“Caminho o meu caminho e nos lugares que passei
As pedras no caminho são o pranto que chorei
Escondo em minhas mãos, carinhos que eram seus
E guardo sua voz no poema do adeus” (Miltinho).
Do ano de 1945, quando fui morar na localidade de Vila Scharlau, nada lembro, pois estava no aconchego do ventre materno. Algum tempo depois, vim ao mundo, no Hospital Centenário de São Leopoldo. No início, meu pai me disse que tinha sido pescado; inclusive mostrou-me o poço de onde saí – por isso sou pisciano, no seu dizer.
Em 1949, depois do falecimento do meu tio Arnoldo Kauer, fizemos o caminho de volta. Viemos de ônibus – os poucos móveis e utensílios dos meus pais seguiram no caminhão de um amigo. Morávamos com os avós paternos e, em Montenegro, viemos a morar com os do lado materno, na Rua Dr. Flores.
Desde a mais tenra idade, vinha em visita aos avós Fridalina e Oscar Arvedo Kauer; naquela época, cruzava-se o rio na barca do Passo do Manduca. Todavia, desta vez, a travessia pela barca foi diferente: uma simbiose entre a tristeza de partir e a alegre incógnita do chegar, a um novo ambiente da vida continuar.
As três barcas que nos serviam: S.S. do Caí, Pareci Novo e Manduca, hoje pertencem à história e lembrança, dos contemporâneos que tiveram oportunidade delas se valeram, a vencer as águas do Rio Caí. Somos os que guardam as lembranças e o ADEUS.
As pontes de concreto, o adensamento do solo e o asfalto, ligando nossa cidade ao Rincão do Cascalho, deram um novo significado ao nosso ir e vir, vencendo distâncias com mais facilidade. A ponte é como a memória: amálgama a unir fatos e vãos em aberto, consolidando duas margens.
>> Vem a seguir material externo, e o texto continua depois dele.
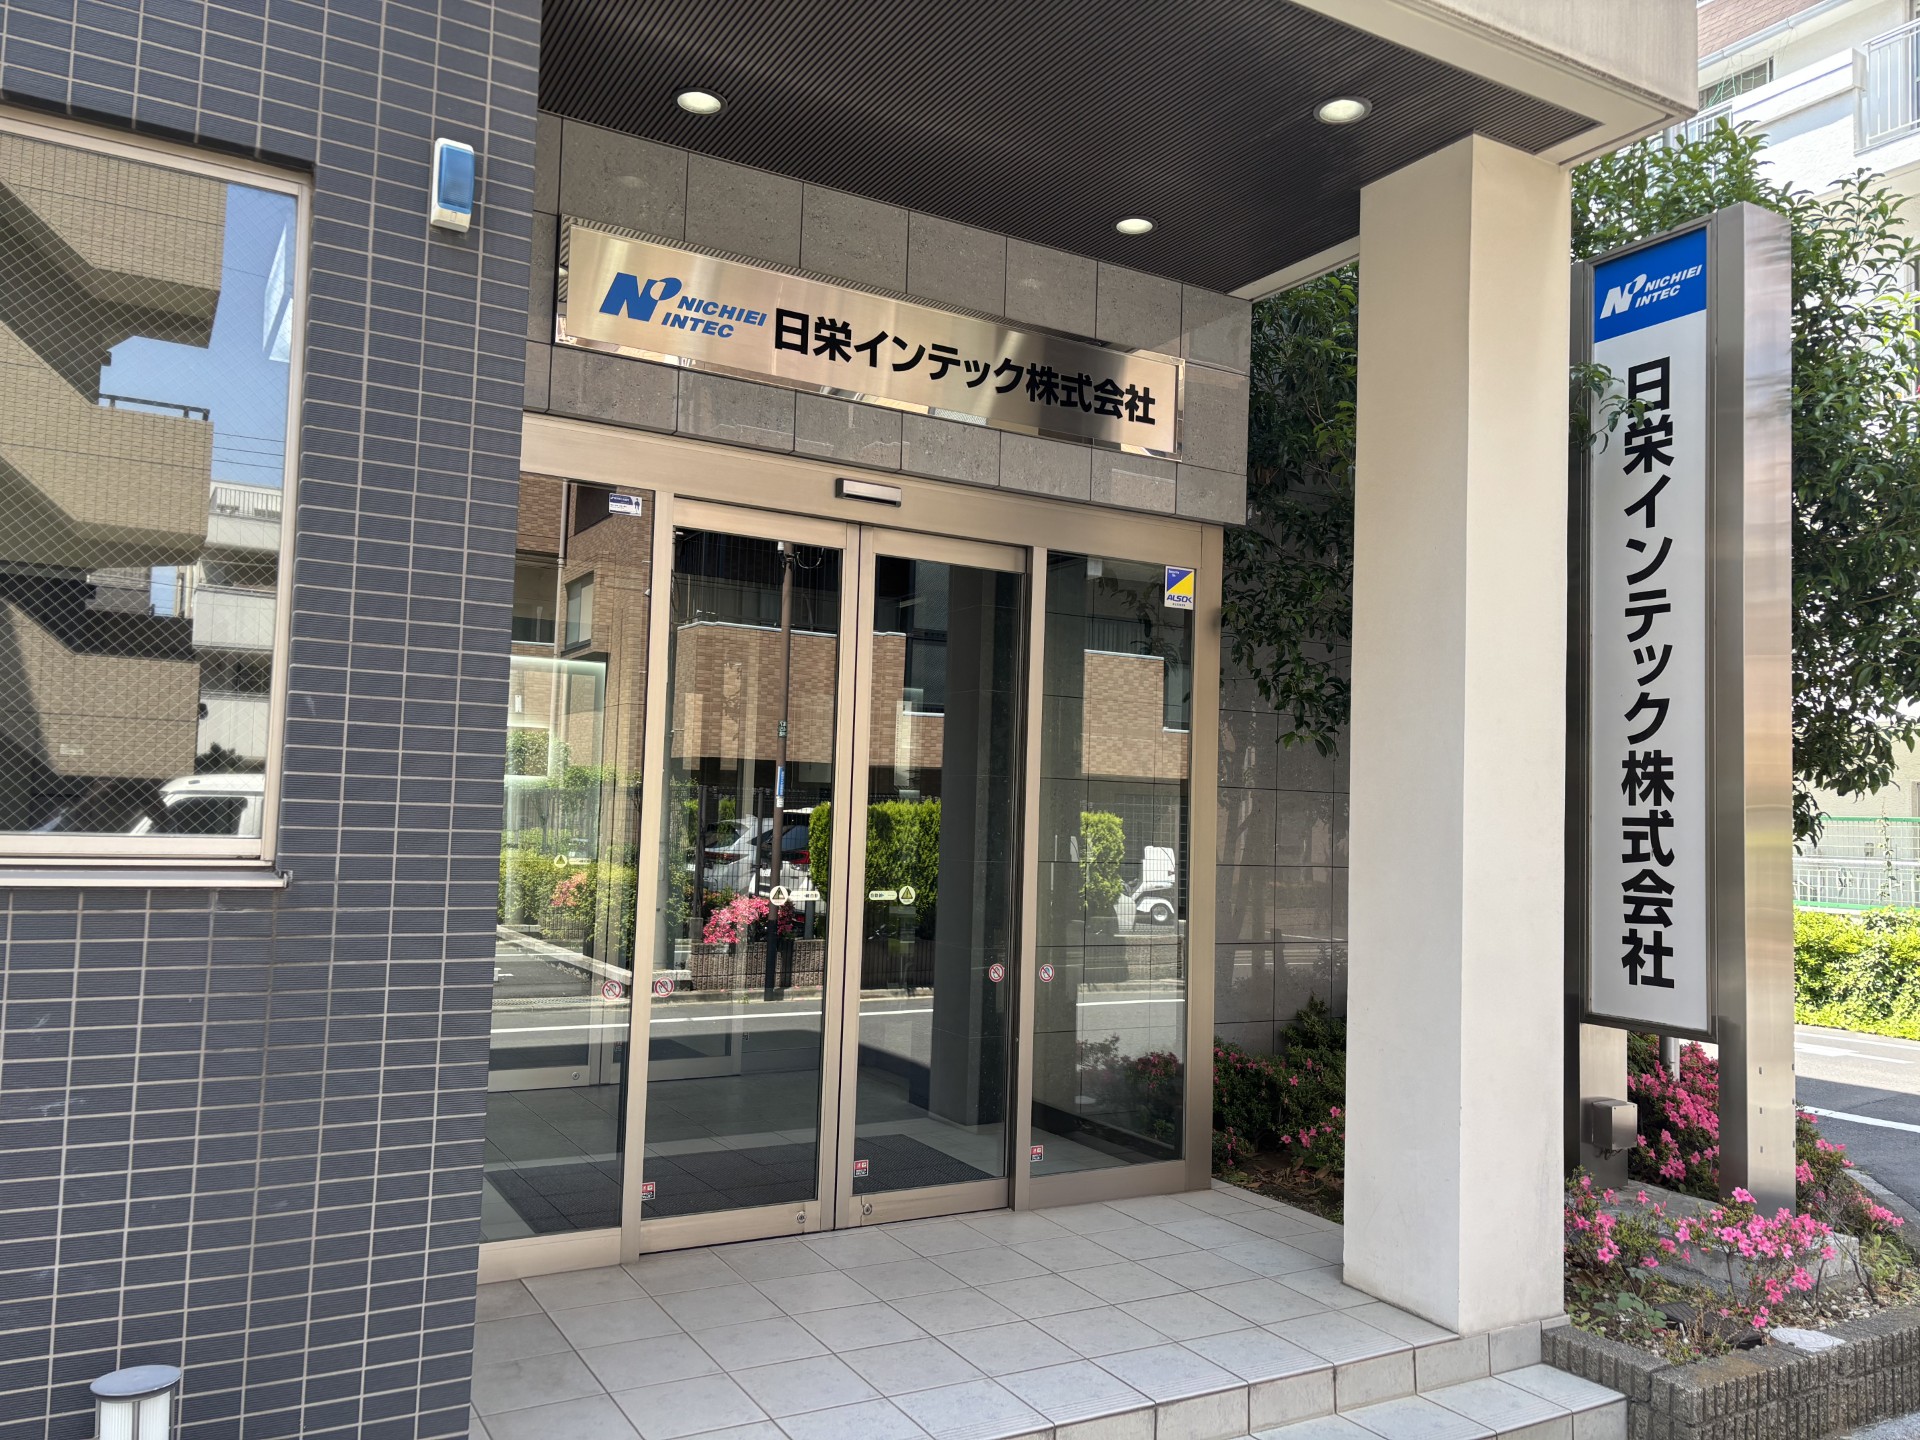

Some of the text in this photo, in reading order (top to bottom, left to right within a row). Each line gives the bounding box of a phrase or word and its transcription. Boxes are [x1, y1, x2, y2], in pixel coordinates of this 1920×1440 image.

Por esta nova estrada cruzei, um dia sim e outro também, rumo a Porto Alegre, para frequentar as aulas do curso de direito. No primeiro ano morei na Capital; nos quatro seguintes viajei, para poder lecionar no curso ginasial noturno do São João Batista. Em 1969 conclui o curso superior – 55 anos já se passaram.
Caminhei o meu caminho; por muitos lugares passei e vicissitudes enfrentei, tanto minhas, quanto as dos outros. Os caminhos da lei percorri, avaliando e tentando entender as condutas daqueles que a infringiram os seus ditames. Por vezes chorei e vi muitas pessoas chorando pelas mazelas morais, físicas e legais a si impingidas, restando máculas e estigmas invencíveis.
Um grande número destas pessoas e outras tantas, movidas por desastres naturais e emocionais, colocaram fim ao seu viver, levando consigo sonhos e objetivos, agora impossíveis de realização. O choro não serviu como remédio a aliviar a grande tensão; tornaram-se protagonistas de um irreversível ADEUS.
Males como a depressão e a ansiedade, tão presentes no tempo atual, podem variar o raciocínio e a capacidade de pensar com clareza. As decisões não são processadas com eficácia e o rumo do viver pode dar uma guinada trágica.
O nosso mundo terreno abriga bilhões de habitantes. Todos movidos por sentimentos, emoções e objetivos. Por humanos, padecem dos mesmos males físicos e mentais, mesmo que em línguas e pensamentos diferentes. As pedras do caminho, meu pranto em sentido figurado, ficarão na história de uma vida que passou.